Cette action du sous-projet SP3 vise à développer un cadre d'expérimentation concernant les interactions coopératives de plusieurs utilisateurs proches et/ou distants, immergés dans un même environnement virtuel 3D. Chaque site immersif regroupant des utilisateurs possédera son propre point de vue de sur cet environnement, qui sera alors partagé par tous les utilisateurs de ce site.

L'enjeu principal de cette action est d'étudier de nouveaux paradigmes de coopération, pouvant être basés par exemple sur de nouveaux dispositifs physiques d'interaction comme des systèmes de suivi de trajectoires de diodes électroluminescentes, et d'évaluer les différentes coopérations possibles entre utilisateurs selon qu'ils sont sur un même site ou sur des sites distants. Plusieurs utilisateurs immergés dans un environnement virtuel 3D et partageant un même point de vue sur cet environnement vont pouvoir communiquer en parallèle avec une même application, cela va donc pouvoir être assimilé à de l'interaction multimodale, d'autant plus que chaque utilisateur peut avoir la possibilité d'utiliser simultanément plusieurs types de dispositifs physiques d'interaction.

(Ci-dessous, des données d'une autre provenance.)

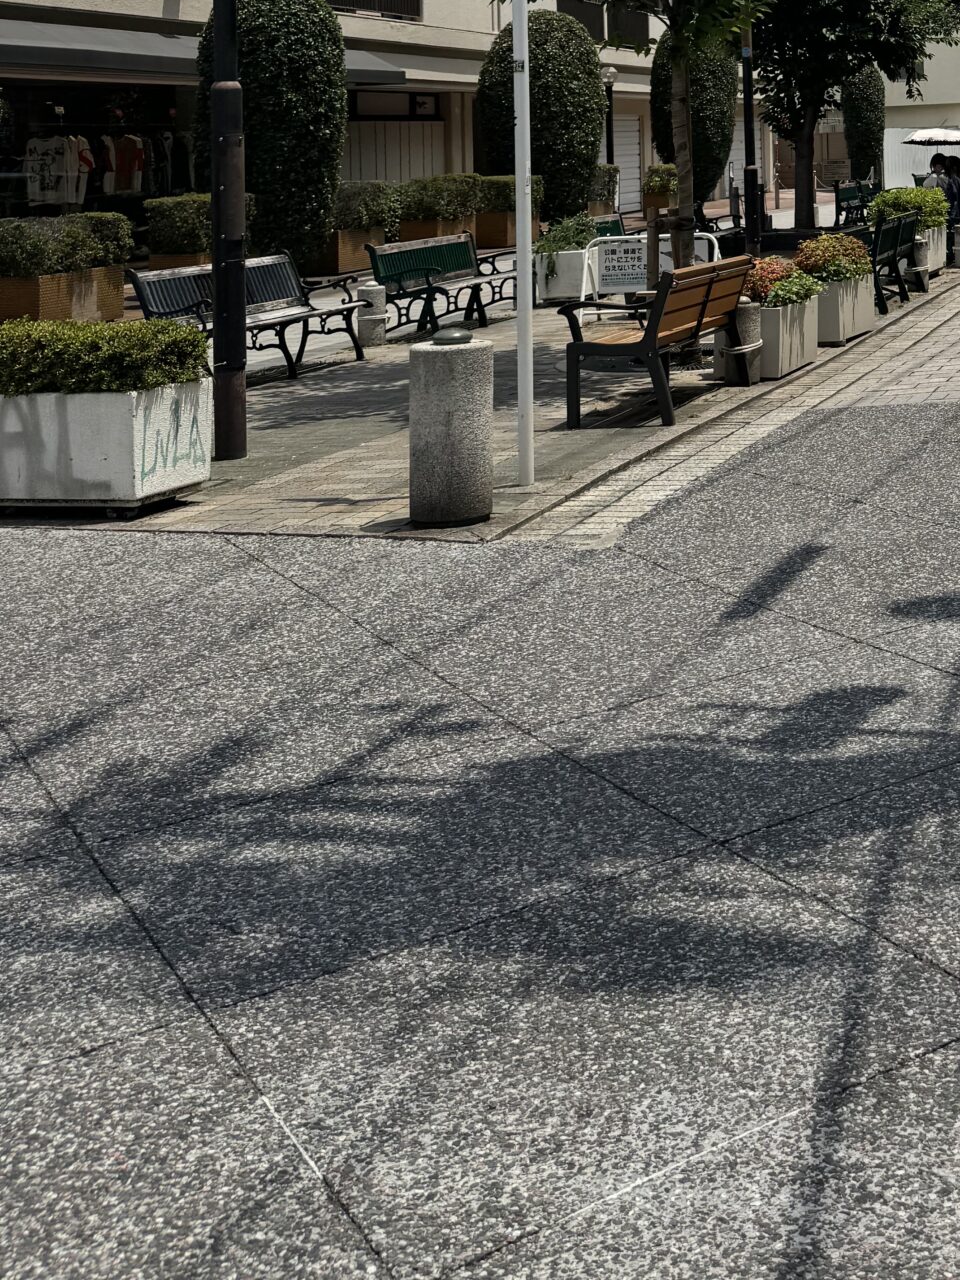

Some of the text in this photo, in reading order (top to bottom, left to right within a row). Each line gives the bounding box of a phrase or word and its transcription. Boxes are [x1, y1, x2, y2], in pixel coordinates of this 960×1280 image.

[604, 256, 643, 264] ハトにエサを

De telles coopérations ne sont habituellement possibles qu'en distribuant une application, au travers d'un réseau, sur plusieurs stations de travail, chaque utilisateur ayant alors son propre point de vue de l'univers. Ces situations rencontrent souvent des problèmes de maintien de cohérence entre les différentes vues de l'univers qui sont réparties sur ces stations de travail, ou bien souvent ce maintien de cohérence se fait au détriment des performances de l'interaction, en imposant des synchronisations entre les différentes machines. L'utilisation d'un réseau à très haut débit comme le VTHD devrait permettre d'obtenir des résultats presque aussi performants que dans le cas d'une utilisation locale.

Le second enjeu de cette action est alors d'évaluer l'apport de l'interaction multi utilisateurs sans contraintes de distributions, ce qui devrait permettre de meilleurs temps de réponse et donc une interaction plus réaliste. De plus, cette optique d'imposer un même point de vue sur l'univers aux différents acteurs, qui par certains côtés est une entrave à l'immersion, peut s'avérer être en fait un atout pour la cohérence de l'interaction coopérative, car elle ne permet plus à un utilisateur de s'égarer dans l'univers et donc d'en avoir une vue incohérente par rapport à la vue des autres utilisateurs. Enfin, étant physiquement proches les uns des autres durant l'interaction, les acteurs humains peuvent également communiquer entre eux en utilisant leurs modes de communication habituels comme la parole et le geste.